Wherever replacement facilities are located, fierce not-in-my-backyard opposition is likely to arise. “There’s an enormous political risk for the mayor,” Horn says. “You’re going to get tremendous opposition from the very groups that supported you during your election, and the test of political courage is whether you can look them in the eye and say that’s the right thing to do.”
JustLeadershipUSA Director Glenn Martin agrees that educating the public is essential. “The biggest pushback NIMBY-ism is going to come from the very people who probably would benefit most from reducing bed space and holding officers accountable and getting rid of cash bail and all the stuff that it would actually take to close Rikers,” he says. “It’s not just about engaging those communities to avoid NIMBY-ism, it’s about engaging them to repair the harm that’s been caused.”
The re-education of New Yorkers, both middle-class moderates and the working class and working poor who live in the neighborhoods where the smaller jails would be built, should be seen as a gradual process, a 10-year plan, Travis says. Rikers’ closure should be done in phases, he thinks, rather than all at once.

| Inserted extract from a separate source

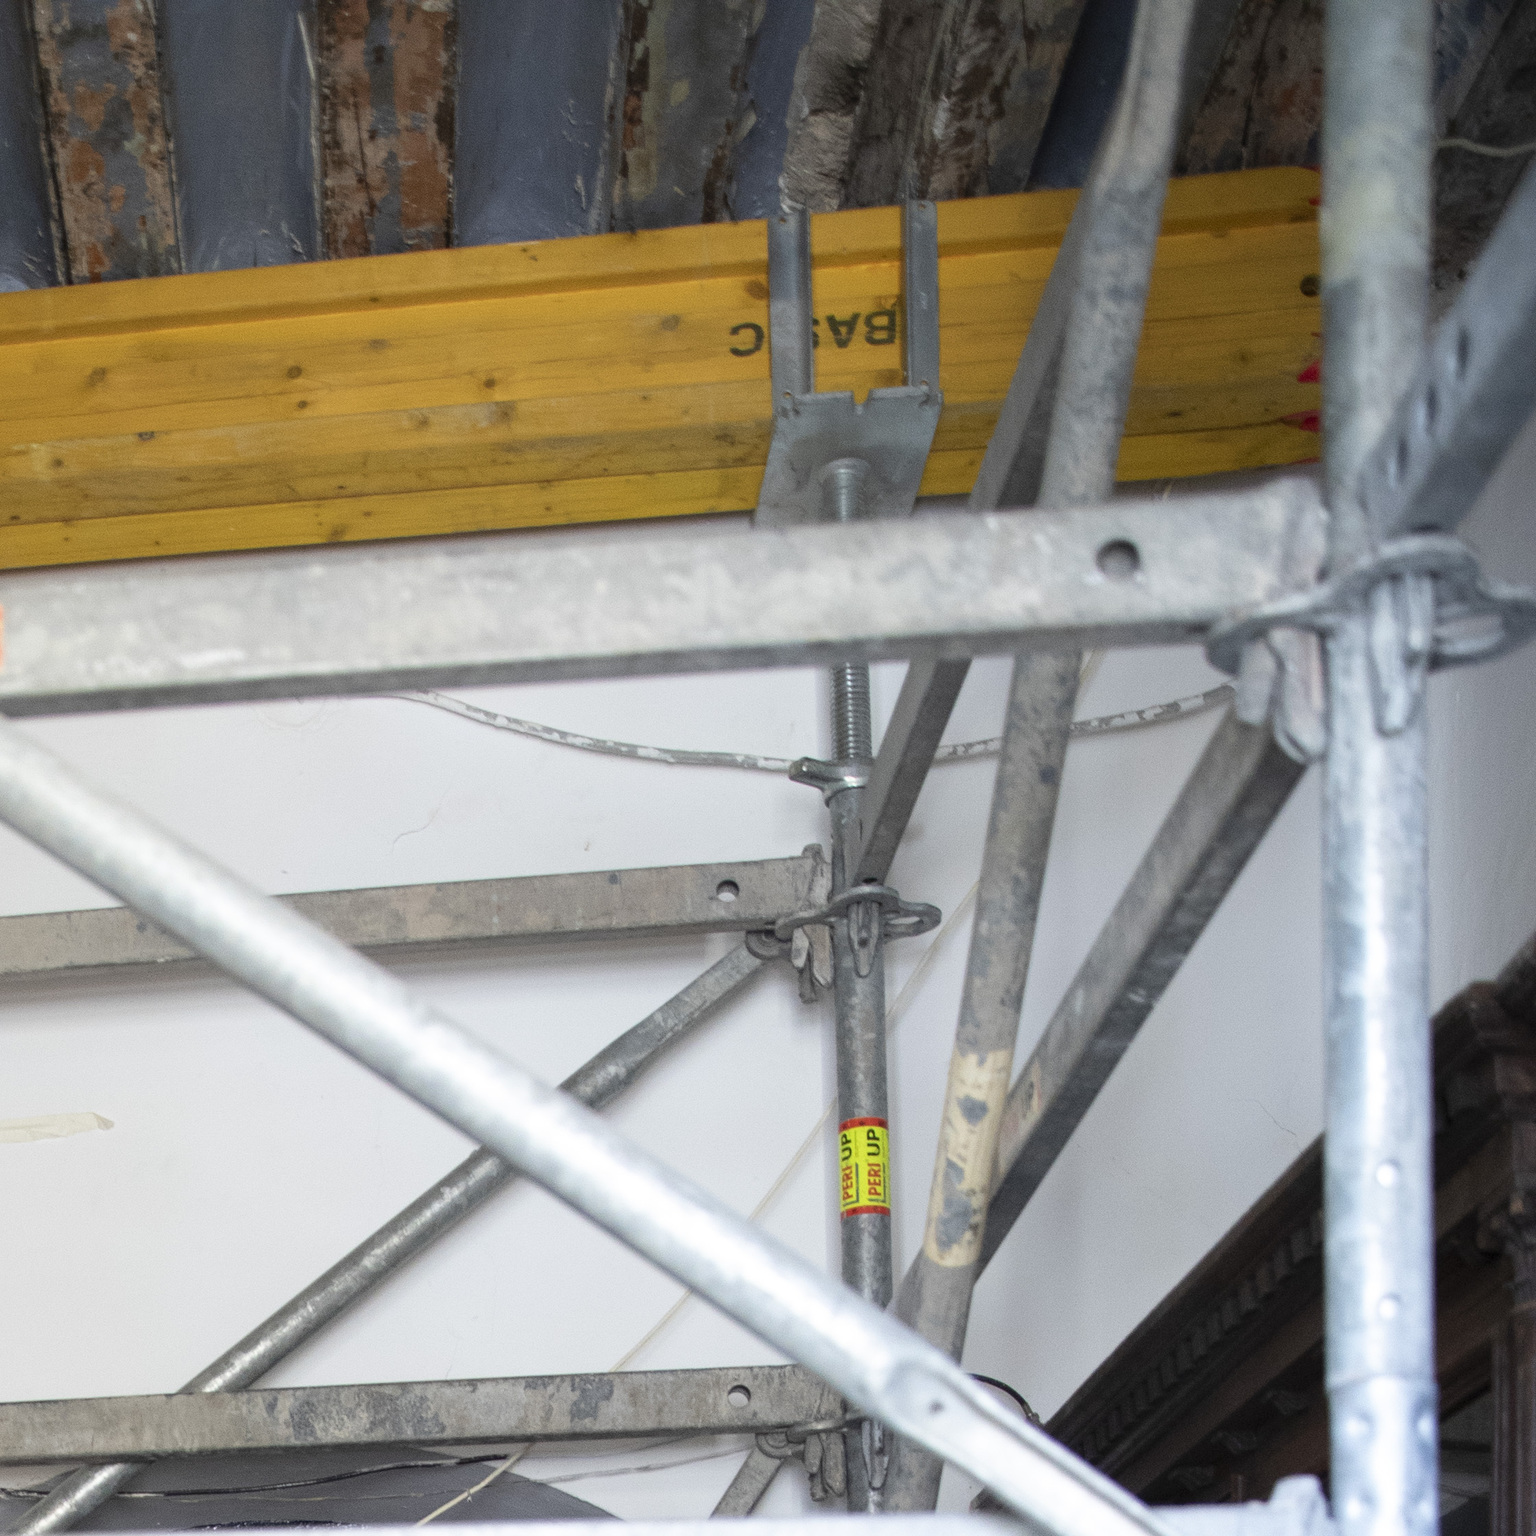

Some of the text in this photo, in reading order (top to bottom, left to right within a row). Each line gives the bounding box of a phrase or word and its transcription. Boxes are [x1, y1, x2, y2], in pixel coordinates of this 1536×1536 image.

[727, 308, 899, 358] BAC
[840, 1132, 854, 1202] PERI UP
[866, 1128, 882, 1197] PERI UP
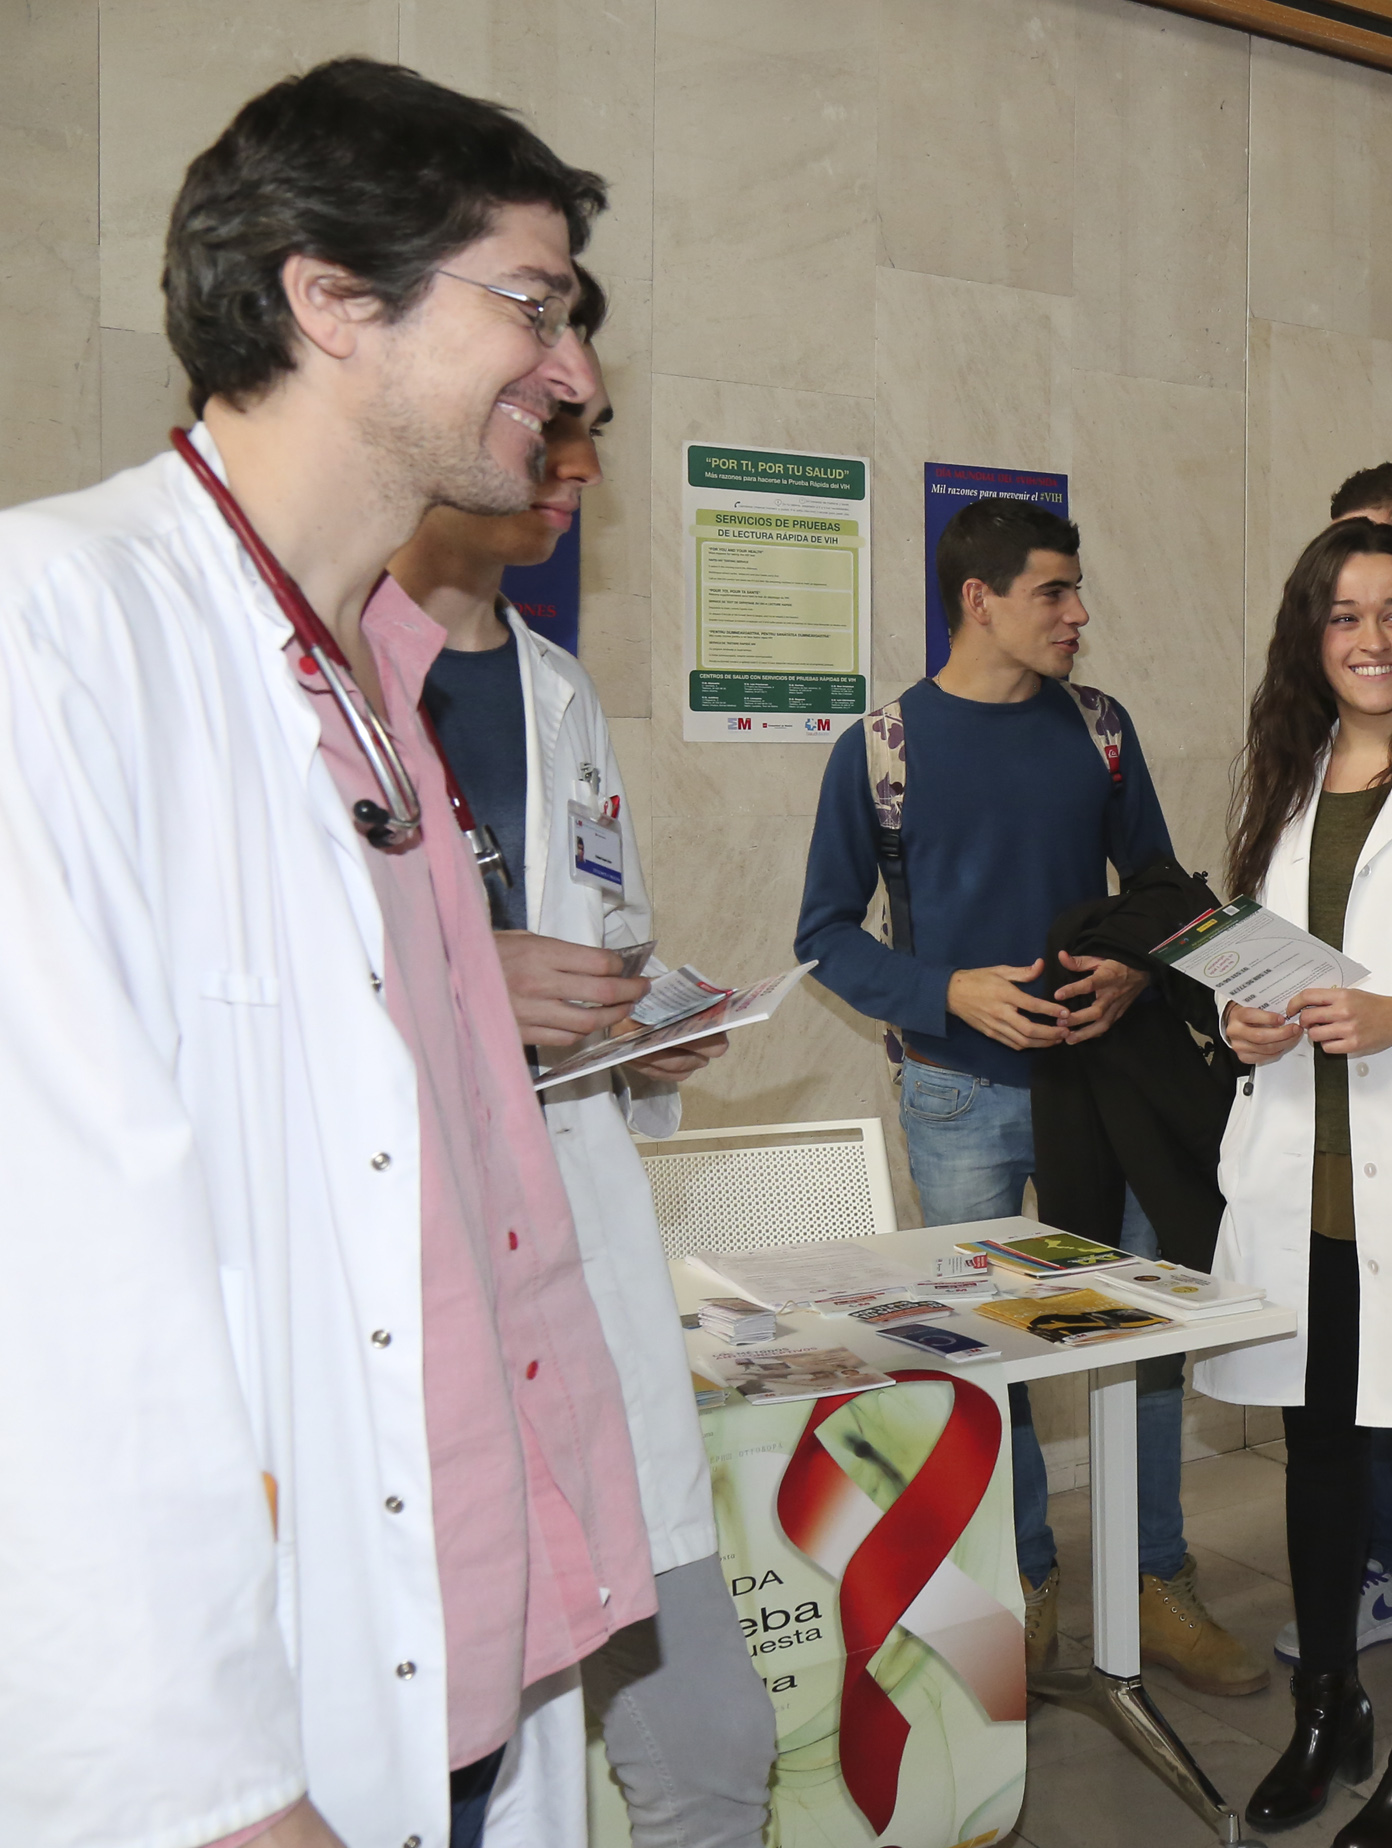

In a sense the re-education process about prisons and criminal justice is already underway, with a new national conversation coalescing around critiques of mass incarceration and overzealous policing, and how those things seem to feed an unending cycle of imprisonment and violence. After so many years of expanding the pool of social undesirables and dealing with them by locking them up so they can no longer be seen or heard, there seems to be a growing momentum for change.
“The end game (of closing Rikers) could be pretty attractive politically,” Jacobson says. “But how to make the political calculation is beyond me. In the meantime, while they figure it out, I think folks are working pretty diligently. Whether people come out for its closing or not, they are working to create the environment where that could happen.”